(Task to complete)
When you retype the data, keep every word exactly and include none of the pictures.

[Stored items from a collection]
· · ·
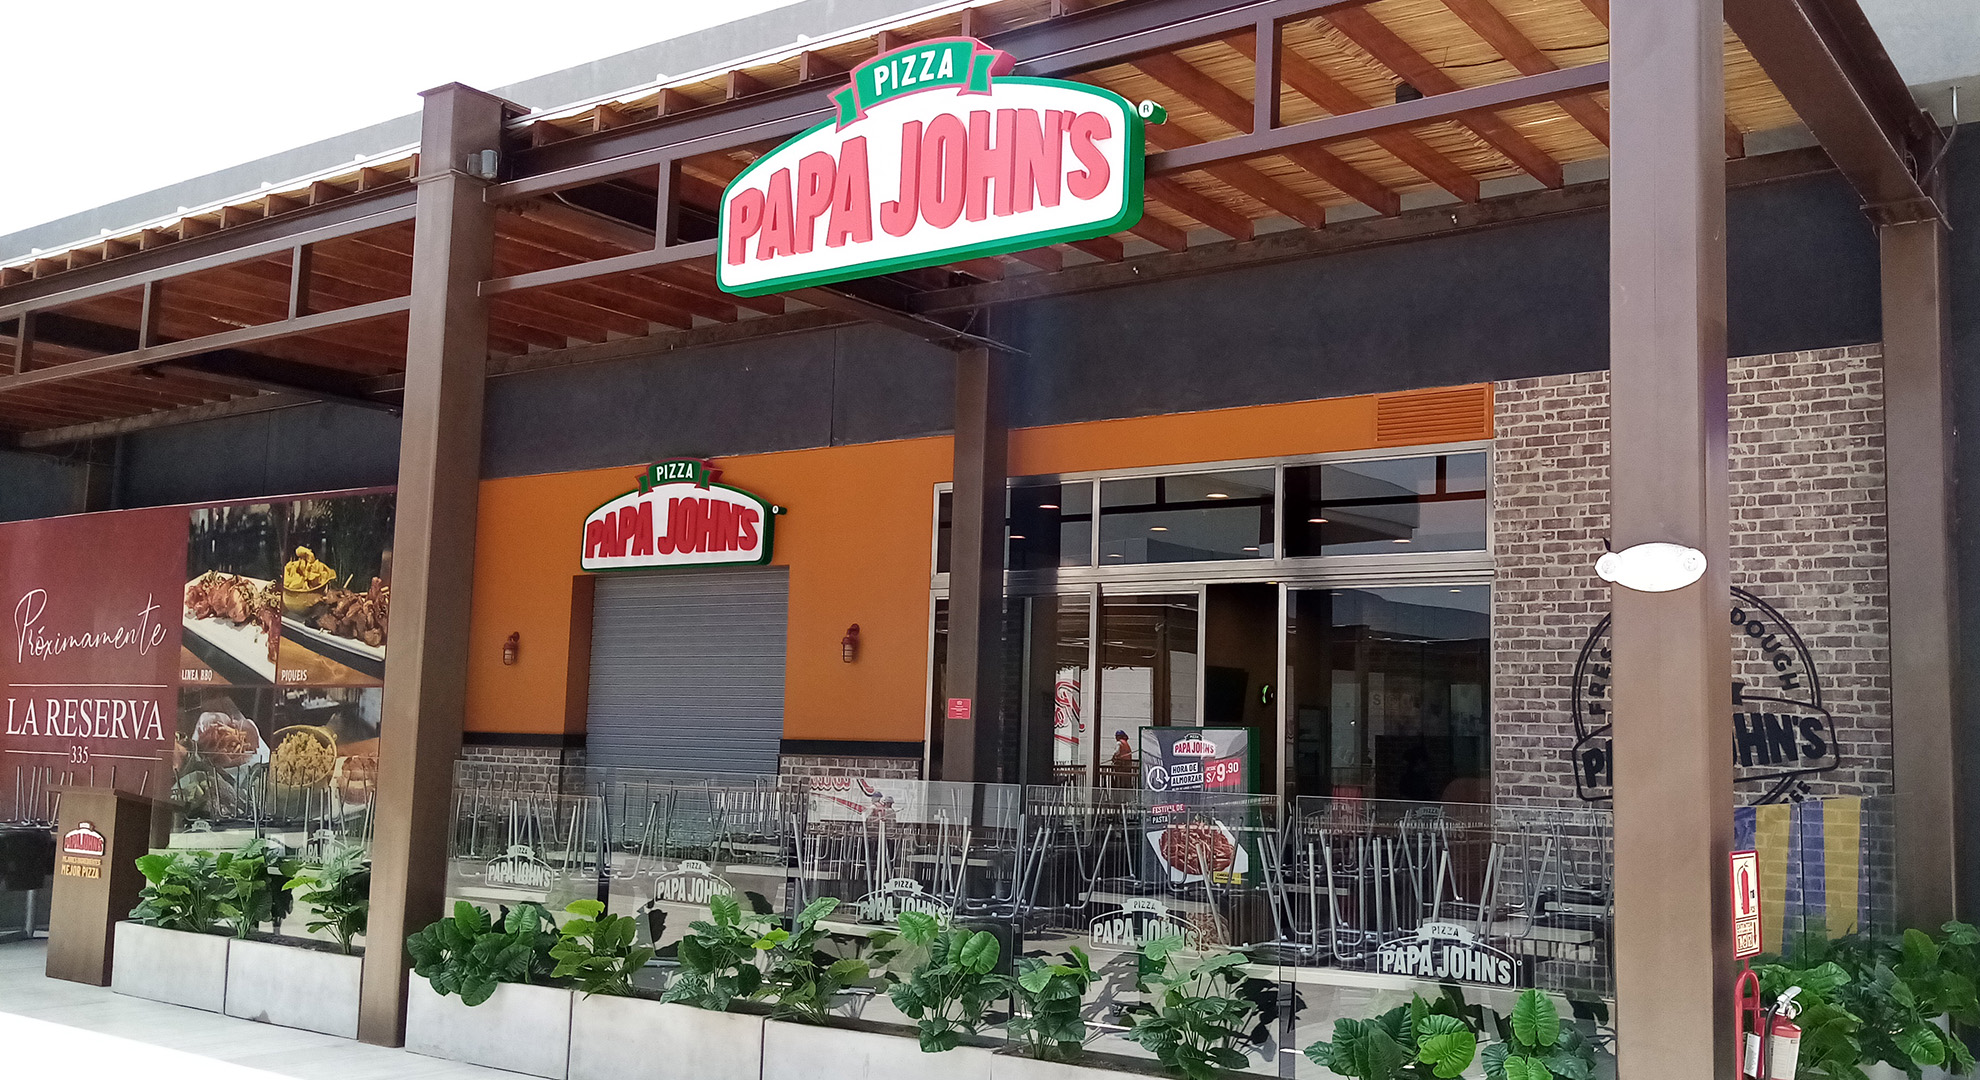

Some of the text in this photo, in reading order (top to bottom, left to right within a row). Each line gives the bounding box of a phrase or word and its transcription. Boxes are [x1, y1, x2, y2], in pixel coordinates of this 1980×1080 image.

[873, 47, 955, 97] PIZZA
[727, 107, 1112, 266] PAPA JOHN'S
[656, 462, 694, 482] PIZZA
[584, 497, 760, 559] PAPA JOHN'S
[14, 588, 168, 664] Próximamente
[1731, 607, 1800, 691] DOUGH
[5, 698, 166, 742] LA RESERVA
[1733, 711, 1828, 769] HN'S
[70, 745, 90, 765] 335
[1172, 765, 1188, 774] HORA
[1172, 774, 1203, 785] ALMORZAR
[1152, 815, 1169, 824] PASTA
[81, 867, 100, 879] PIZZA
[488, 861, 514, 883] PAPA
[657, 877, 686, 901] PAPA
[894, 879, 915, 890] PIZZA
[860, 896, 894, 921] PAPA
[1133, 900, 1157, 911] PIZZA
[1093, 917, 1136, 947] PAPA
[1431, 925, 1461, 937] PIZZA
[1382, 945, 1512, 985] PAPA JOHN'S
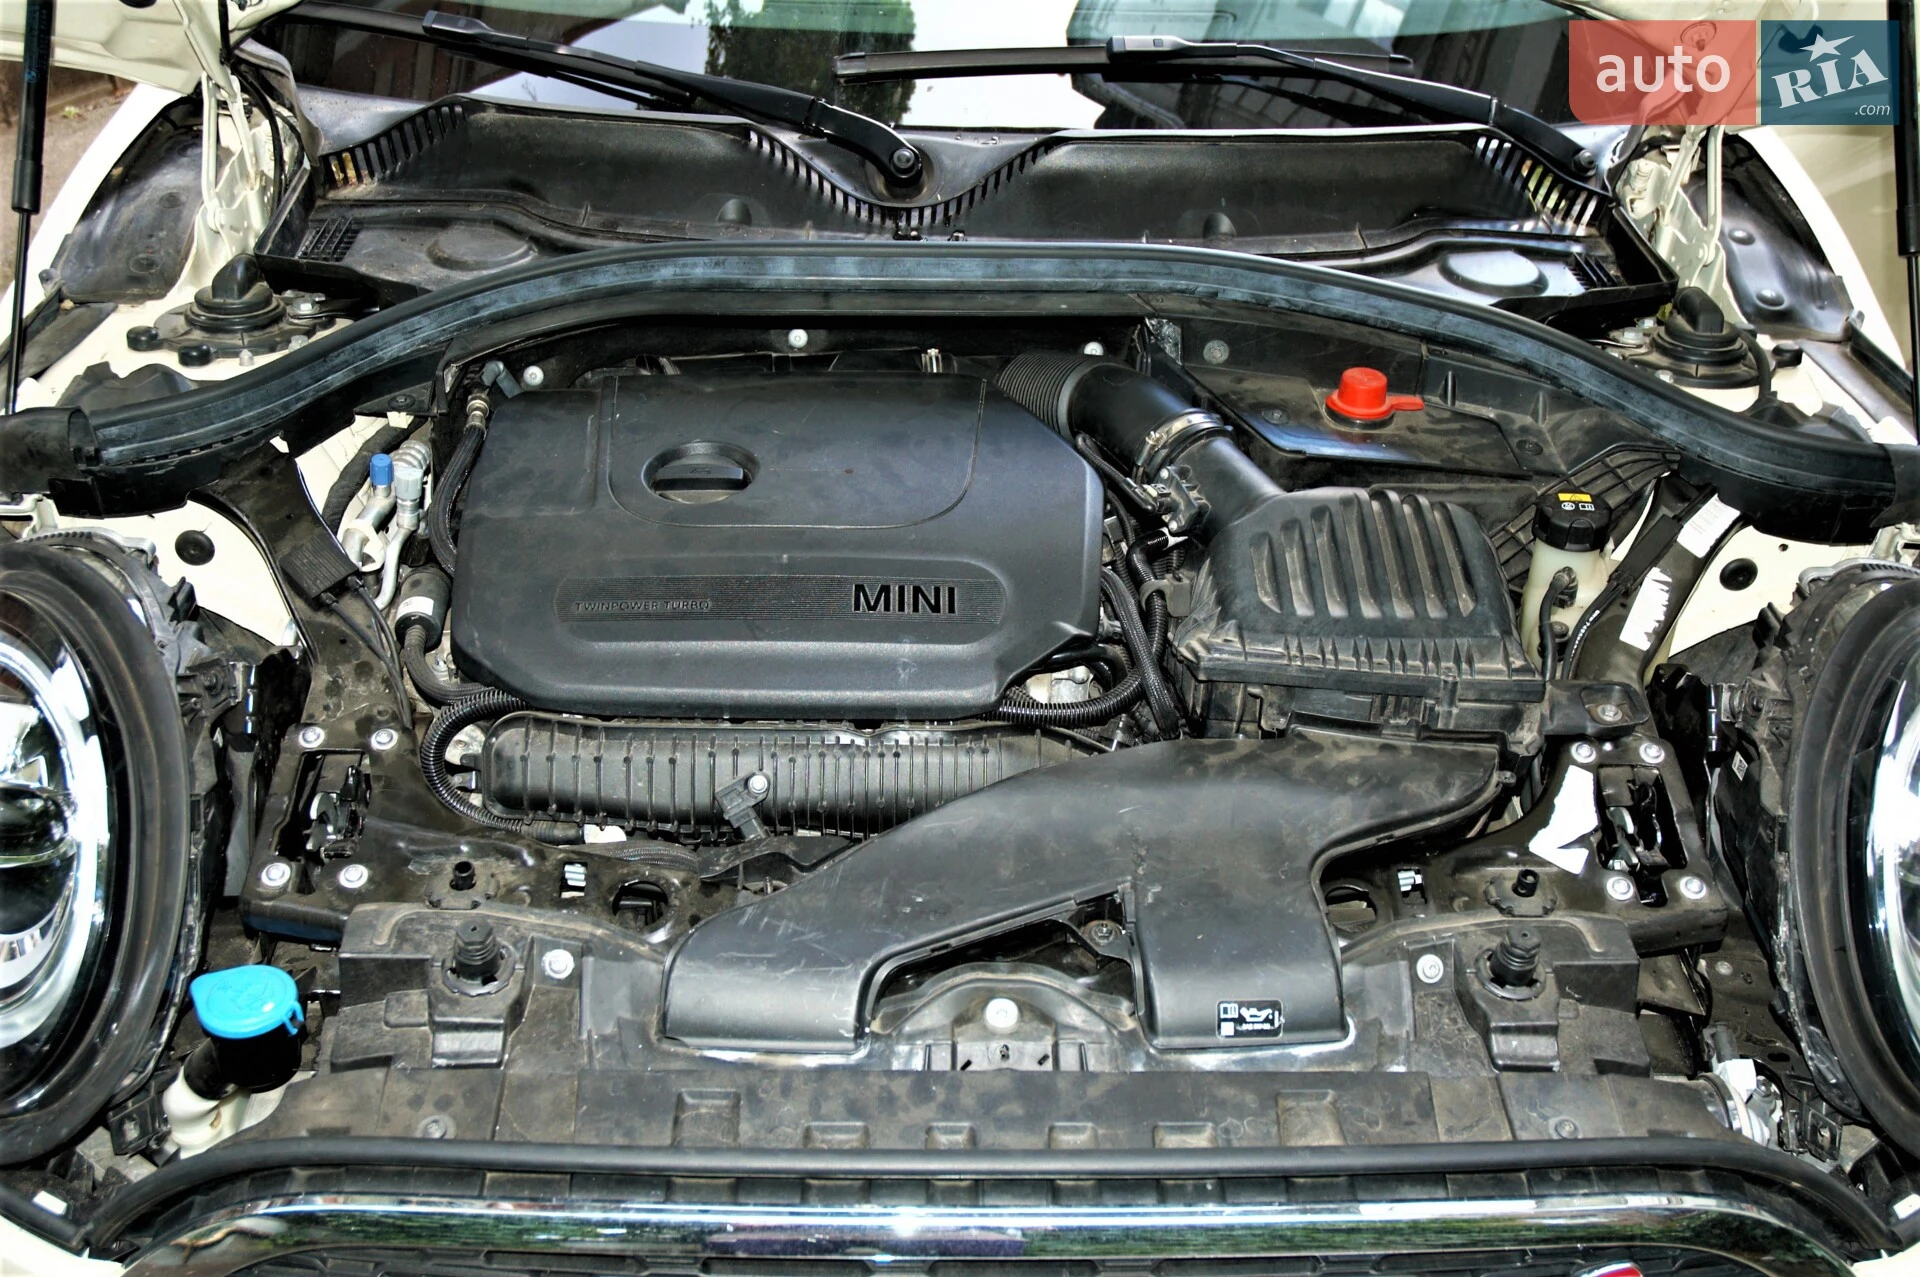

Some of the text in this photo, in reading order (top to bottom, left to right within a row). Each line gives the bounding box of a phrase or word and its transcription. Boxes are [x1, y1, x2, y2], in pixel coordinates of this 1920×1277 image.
· · ·
(Answer to this task)
Some of the text in this photo, in reading order (top to bottom, left to right within a row). Each line gives the bounding box of a phrase or word and its transcription. Boxes are [x1, y1, x2, y2], in pixel coordinates of this 1980×1080 image.

[873, 47, 955, 97] PIZZA
[727, 107, 1112, 266] PAPA JOHN'S
[656, 462, 694, 482] PIZZA
[584, 497, 760, 559] PAPA JOHN'S
[14, 588, 168, 664] Próximamente
[1731, 607, 1800, 691] DOUGH
[5, 698, 166, 742] LA RESERVA
[1733, 711, 1828, 769] HN'S
[70, 745, 90, 765] 335
[1172, 765, 1188, 774] HORA
[1172, 774, 1203, 785] ALMORZAR
[1152, 815, 1169, 824] PASTA
[81, 867, 100, 879] PIZZA
[488, 861, 514, 883] PAPA
[657, 877, 686, 901] PAPA
[894, 879, 915, 890] PIZZA
[860, 896, 894, 921] PAPA
[1133, 900, 1157, 911] PIZZA
[1093, 917, 1136, 947] PAPA
[1431, 925, 1461, 937] PIZZA
[1382, 945, 1512, 985] PAPA JOHN'S

Some of the text in this photo, in reading order (top to bottom, left to right within a row). Each line gives the bounding box of a phrase or word and its transcription. Boxes are [x1, y1, x2, y2], in pixel coordinates of this 1920×1277 image.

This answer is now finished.